Jack released the chin-strap, and Jasar
sighed in relief, said something that made no kind of sense at all. Amazed,
Jack pulled the helmet clear, held it out to Jasar. "What did you say
then?" he demanded, and the little man grinned tightly, spoke again, and
once more it was nothing but an outlandish garble of noises. Then he slid the
helmet deftly over his head, snapped the strap into place, and grinned again.

"That's better. Understand me now,
eh?"

"I
hear what you say, yes. But I do not understand, at all."

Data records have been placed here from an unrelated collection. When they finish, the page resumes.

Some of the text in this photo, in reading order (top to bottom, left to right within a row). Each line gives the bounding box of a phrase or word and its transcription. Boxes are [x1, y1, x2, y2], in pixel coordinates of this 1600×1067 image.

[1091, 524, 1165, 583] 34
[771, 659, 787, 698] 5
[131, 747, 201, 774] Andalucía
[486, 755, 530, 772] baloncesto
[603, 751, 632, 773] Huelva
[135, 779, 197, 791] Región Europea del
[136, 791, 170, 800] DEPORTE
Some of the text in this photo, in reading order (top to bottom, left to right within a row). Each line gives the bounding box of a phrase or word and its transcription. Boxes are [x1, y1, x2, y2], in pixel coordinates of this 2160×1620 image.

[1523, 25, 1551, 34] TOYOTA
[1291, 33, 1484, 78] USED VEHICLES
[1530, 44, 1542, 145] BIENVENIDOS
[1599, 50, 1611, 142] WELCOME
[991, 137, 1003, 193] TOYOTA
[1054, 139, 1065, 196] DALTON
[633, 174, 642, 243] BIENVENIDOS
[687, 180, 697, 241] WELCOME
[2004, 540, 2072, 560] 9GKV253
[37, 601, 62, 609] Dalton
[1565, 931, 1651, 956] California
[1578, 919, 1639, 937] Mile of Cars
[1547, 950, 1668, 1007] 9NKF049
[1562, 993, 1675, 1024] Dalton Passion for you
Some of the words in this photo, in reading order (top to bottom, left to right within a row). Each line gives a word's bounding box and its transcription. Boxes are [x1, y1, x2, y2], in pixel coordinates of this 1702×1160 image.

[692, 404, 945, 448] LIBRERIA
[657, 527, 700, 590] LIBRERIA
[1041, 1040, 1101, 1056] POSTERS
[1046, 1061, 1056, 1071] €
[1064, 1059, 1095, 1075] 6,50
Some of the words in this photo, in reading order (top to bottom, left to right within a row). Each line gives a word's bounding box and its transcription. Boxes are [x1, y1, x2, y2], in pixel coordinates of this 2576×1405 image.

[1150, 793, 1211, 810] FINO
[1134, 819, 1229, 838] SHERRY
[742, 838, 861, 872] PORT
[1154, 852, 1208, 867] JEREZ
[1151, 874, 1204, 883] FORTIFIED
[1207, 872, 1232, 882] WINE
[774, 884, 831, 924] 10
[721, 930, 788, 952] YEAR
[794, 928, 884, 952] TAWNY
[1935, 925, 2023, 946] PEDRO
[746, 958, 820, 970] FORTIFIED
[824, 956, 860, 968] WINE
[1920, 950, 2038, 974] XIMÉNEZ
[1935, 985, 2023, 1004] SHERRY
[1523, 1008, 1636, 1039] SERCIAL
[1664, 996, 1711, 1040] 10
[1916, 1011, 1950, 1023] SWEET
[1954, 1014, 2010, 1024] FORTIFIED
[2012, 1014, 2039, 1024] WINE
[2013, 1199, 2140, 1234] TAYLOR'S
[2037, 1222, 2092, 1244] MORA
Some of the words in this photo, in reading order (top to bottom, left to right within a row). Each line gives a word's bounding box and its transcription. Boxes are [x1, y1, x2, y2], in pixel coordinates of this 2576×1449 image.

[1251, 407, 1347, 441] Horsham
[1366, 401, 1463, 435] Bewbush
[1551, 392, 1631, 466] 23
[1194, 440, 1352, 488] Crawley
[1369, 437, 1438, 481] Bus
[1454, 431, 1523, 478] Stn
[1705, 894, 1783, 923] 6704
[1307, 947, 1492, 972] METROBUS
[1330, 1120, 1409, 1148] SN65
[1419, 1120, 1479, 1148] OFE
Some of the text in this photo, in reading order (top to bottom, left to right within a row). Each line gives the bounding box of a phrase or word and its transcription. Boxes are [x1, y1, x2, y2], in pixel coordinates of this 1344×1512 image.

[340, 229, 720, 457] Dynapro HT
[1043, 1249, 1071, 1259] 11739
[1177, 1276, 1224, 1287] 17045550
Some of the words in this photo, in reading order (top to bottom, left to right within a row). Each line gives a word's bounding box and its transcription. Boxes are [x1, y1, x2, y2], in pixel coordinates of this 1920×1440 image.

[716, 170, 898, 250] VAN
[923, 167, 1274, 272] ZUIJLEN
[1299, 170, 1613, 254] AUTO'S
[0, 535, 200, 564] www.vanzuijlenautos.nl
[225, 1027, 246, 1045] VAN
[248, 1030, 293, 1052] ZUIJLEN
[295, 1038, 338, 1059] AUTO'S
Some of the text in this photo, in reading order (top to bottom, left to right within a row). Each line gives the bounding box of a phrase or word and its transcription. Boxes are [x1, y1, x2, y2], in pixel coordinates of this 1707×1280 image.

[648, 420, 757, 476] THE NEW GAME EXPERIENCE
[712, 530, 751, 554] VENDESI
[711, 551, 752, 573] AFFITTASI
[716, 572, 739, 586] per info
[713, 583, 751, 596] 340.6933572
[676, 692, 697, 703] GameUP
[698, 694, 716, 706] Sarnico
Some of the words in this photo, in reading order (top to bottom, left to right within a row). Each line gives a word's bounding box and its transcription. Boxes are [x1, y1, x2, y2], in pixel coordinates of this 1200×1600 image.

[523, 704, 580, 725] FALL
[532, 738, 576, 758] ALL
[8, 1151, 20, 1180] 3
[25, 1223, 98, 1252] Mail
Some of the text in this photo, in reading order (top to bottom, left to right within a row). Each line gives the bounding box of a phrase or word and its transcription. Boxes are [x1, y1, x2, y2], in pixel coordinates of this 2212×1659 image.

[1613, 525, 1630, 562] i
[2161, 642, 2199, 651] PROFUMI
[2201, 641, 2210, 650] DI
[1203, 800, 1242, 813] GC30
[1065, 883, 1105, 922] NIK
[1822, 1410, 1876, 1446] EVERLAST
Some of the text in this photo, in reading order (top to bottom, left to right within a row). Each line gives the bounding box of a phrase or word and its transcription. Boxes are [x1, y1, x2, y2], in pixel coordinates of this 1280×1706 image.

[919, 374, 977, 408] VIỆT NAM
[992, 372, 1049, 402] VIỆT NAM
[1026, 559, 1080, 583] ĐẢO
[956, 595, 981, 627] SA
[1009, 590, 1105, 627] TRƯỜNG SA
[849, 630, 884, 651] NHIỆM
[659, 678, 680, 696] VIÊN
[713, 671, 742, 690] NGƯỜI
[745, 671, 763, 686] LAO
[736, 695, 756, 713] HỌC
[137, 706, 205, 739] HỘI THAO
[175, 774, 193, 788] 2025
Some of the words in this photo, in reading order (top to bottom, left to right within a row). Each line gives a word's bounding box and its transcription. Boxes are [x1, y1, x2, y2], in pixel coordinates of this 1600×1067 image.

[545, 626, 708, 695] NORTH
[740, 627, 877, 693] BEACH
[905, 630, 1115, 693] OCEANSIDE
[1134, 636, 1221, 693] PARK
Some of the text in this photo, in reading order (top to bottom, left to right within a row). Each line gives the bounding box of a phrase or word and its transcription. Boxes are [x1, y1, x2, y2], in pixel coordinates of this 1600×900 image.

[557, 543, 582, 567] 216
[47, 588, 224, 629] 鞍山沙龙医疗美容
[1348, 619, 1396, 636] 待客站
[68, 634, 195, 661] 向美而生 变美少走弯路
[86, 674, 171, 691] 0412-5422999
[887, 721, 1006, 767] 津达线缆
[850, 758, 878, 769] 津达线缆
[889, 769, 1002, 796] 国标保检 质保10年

"I can't say I blame you, at that. Ill
tell you, gladly, what actually happens, but don't ask me how it's done. That's
not my field. In the war that I fight there are many nations joined together in
a common cause against a common enemy. We all speak our own ways. Is that something
strange to you?"

"No,"
Jack admitted. "I have heard that Frenchmen talk in a way we do not. Earl
Dudley, and indeed all the barons and the Court, so I have heard, are able to
talk that speech, and understand it
Some
, indeed, can
understand the speechmaking of the infidel Saracen!"

"You're
no stranger to different languages, that's the point. And it's obvious, isn't
it, that you can't work very well with a man, if you can't understand what he
says, right? So our
...
scientists—wizards
to you, I imagine— managed to design a computing circuit, a kind of brain, that
analyzes the concept and vocal pattern frequencies of any speech, given a
sufficient sample, and converts one to the other." Jack must have looked
as blank as he felt, for the little man sighed, hunched his shoulders. "I
can't put it any simpler. It hears any humanoid speech and translates it into
mine, then converts my speech back into the other, which is transmitted from
here," and he touched the forehead part of the helmet. "No?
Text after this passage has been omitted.